* _REQUIRED ACTION_:
This task asks for the lines from the one with "this 1512×1344 image." to the final line below, repeated exactly, with pictures omitted.

-*-*-

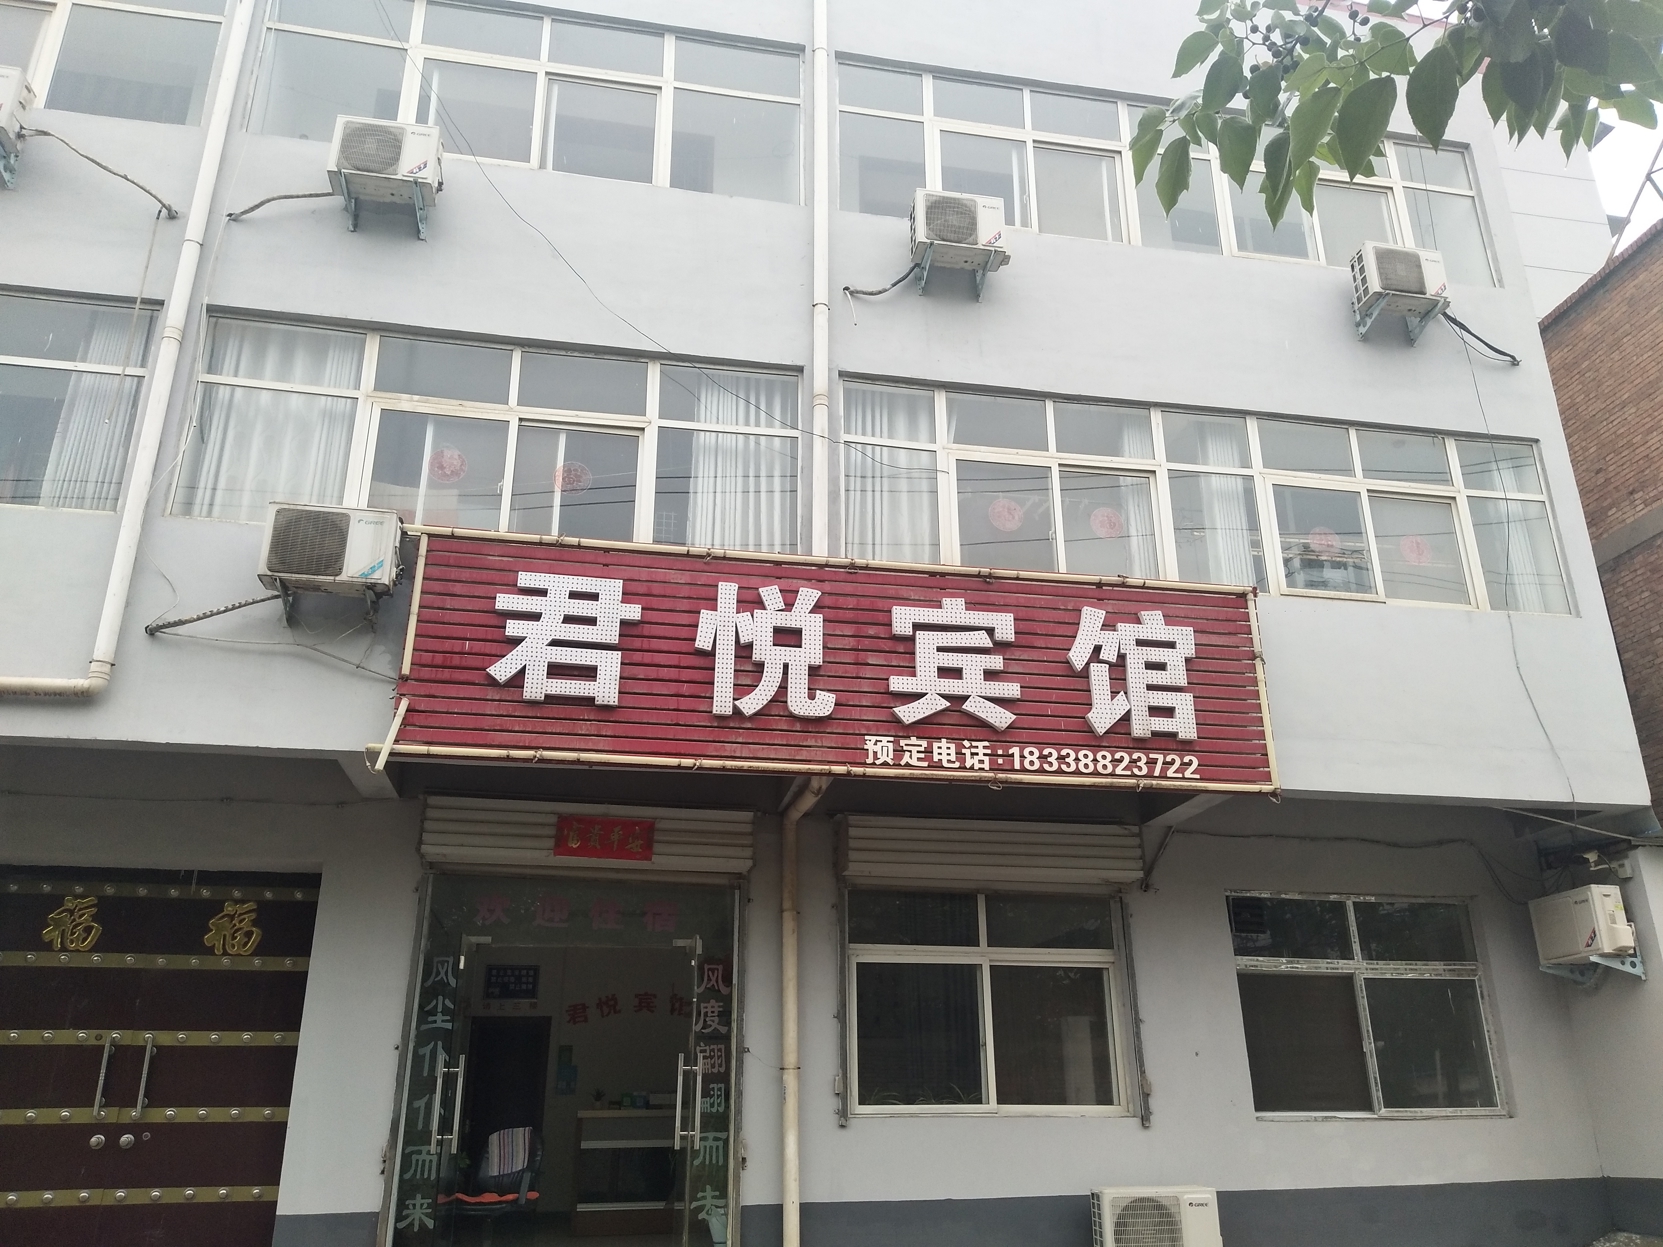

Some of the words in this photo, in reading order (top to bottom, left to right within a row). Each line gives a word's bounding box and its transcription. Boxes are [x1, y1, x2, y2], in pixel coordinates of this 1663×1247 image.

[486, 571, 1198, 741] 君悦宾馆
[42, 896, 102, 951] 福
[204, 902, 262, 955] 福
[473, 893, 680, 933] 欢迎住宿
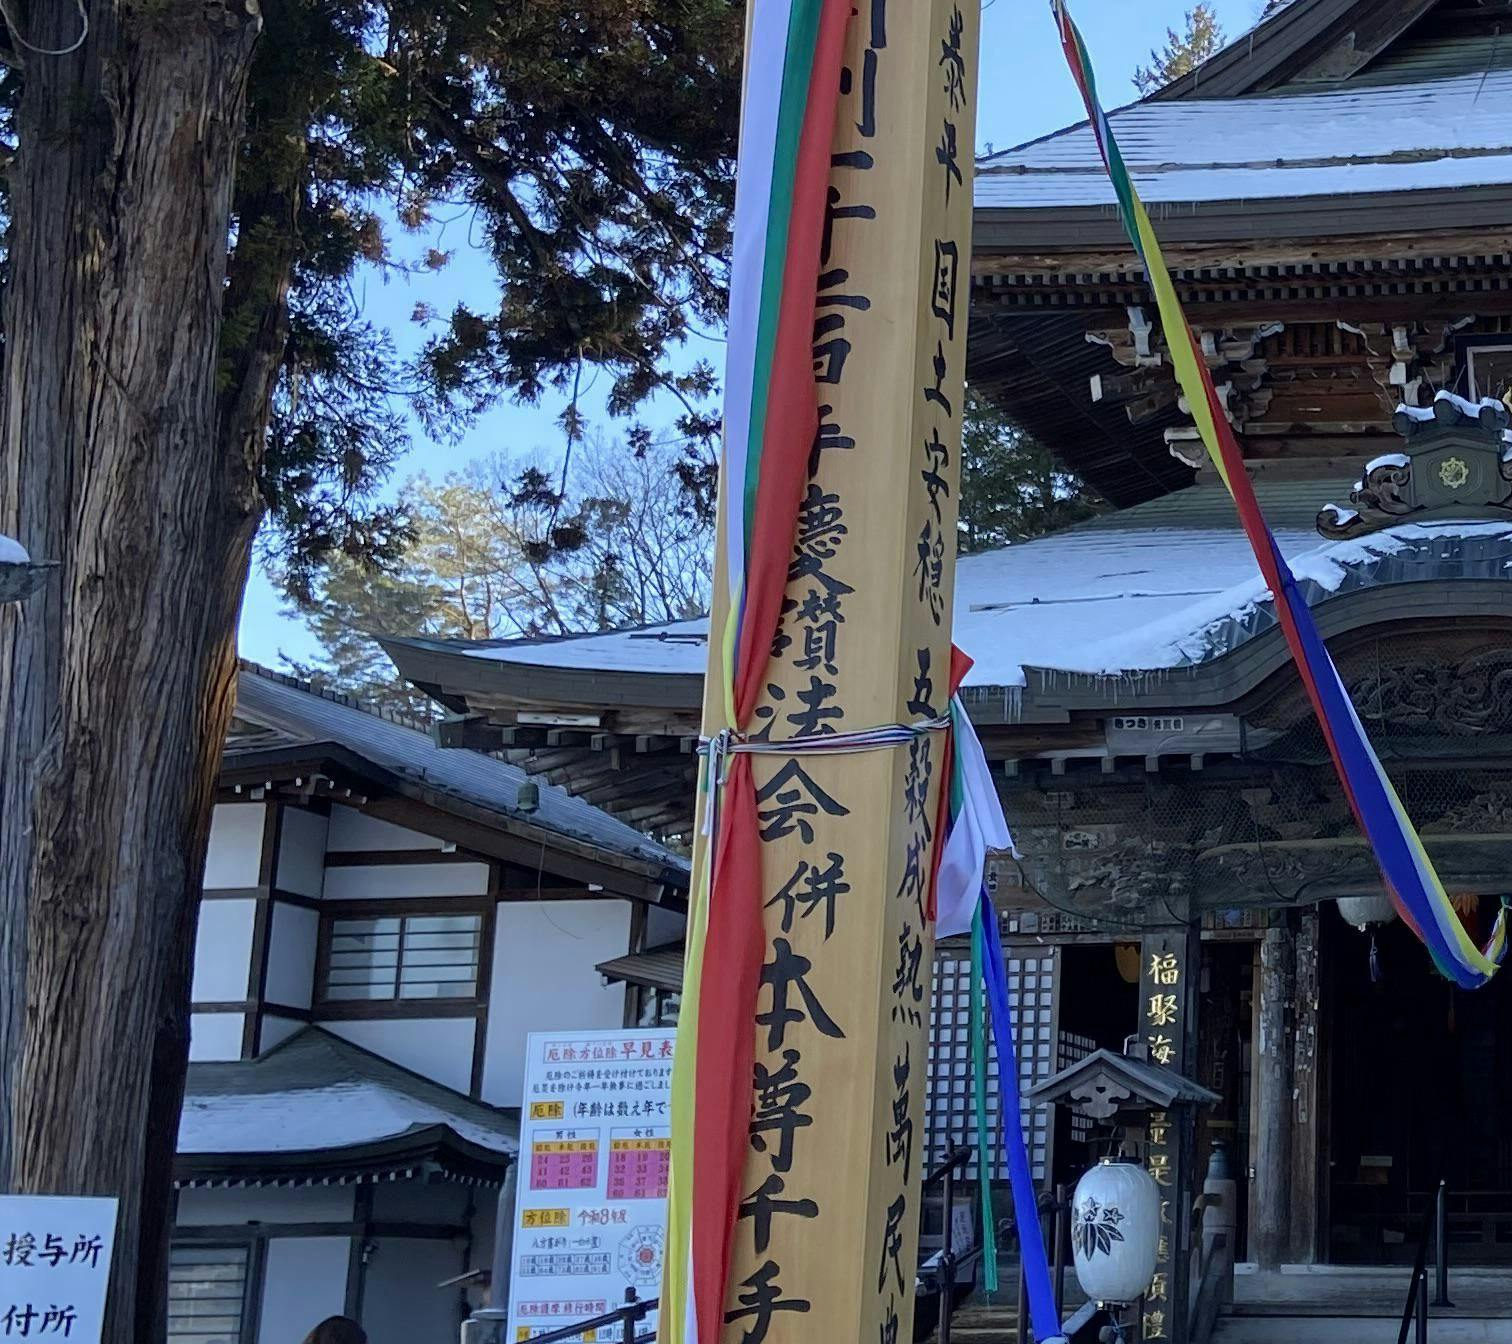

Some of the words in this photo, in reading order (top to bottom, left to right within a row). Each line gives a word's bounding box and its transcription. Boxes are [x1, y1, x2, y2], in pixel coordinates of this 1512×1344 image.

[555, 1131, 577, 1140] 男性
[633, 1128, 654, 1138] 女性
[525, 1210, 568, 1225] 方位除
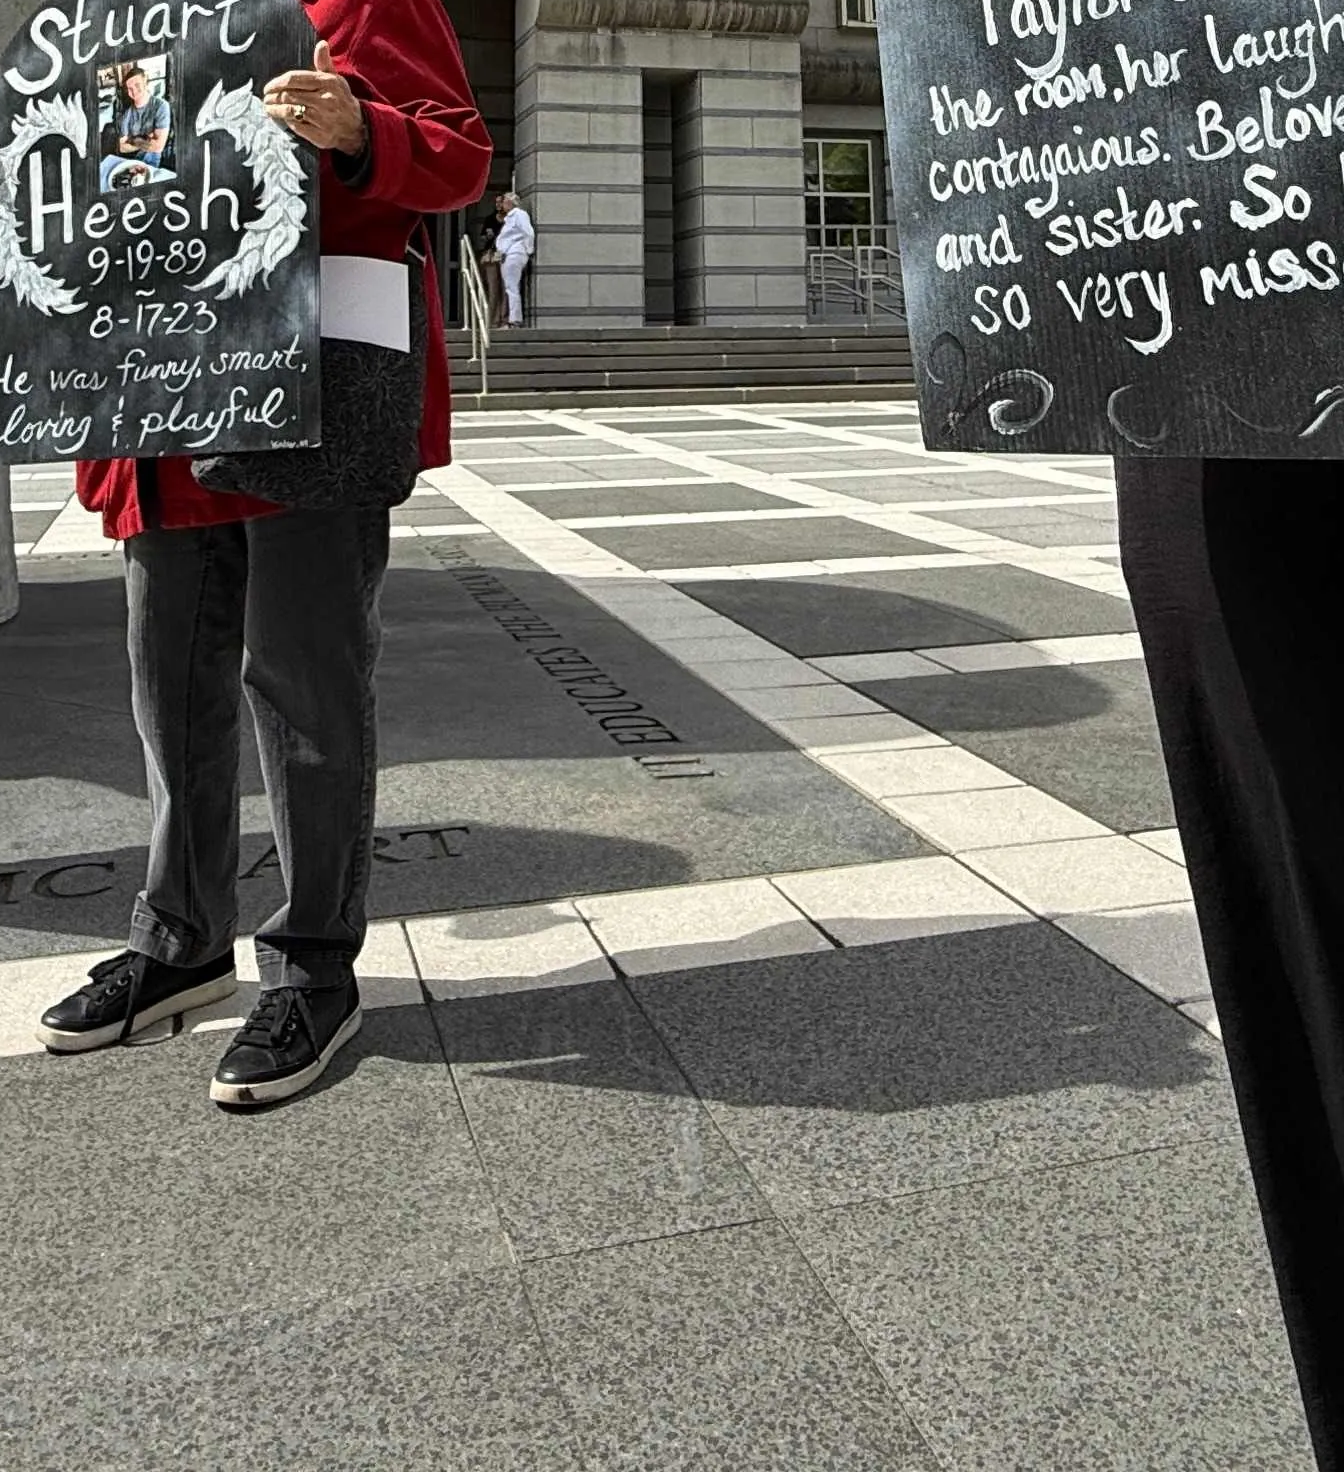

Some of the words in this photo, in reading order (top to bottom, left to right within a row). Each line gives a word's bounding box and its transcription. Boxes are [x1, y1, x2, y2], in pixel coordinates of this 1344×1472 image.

-*-*-

* _WRITTEN REPLY_:
Some of the words in this photo, in reading order (top to bottom, left to right within a row). Each line gives a word's bounding box and its transcription. Boxes are [x1, y1, x2, y2], in pixel coordinates of this 1512×1344 image.

[555, 1131, 577, 1140] 男性
[633, 1128, 654, 1138] 女性
[525, 1210, 568, 1225] 方位除

Some of the words in this photo, in reading order (top to bottom, left to right within a row). Each line gives a word's bounding box and its transcription. Boxes are [x1, y1, x2, y2], in pixel coordinates of this 1344×1472 image.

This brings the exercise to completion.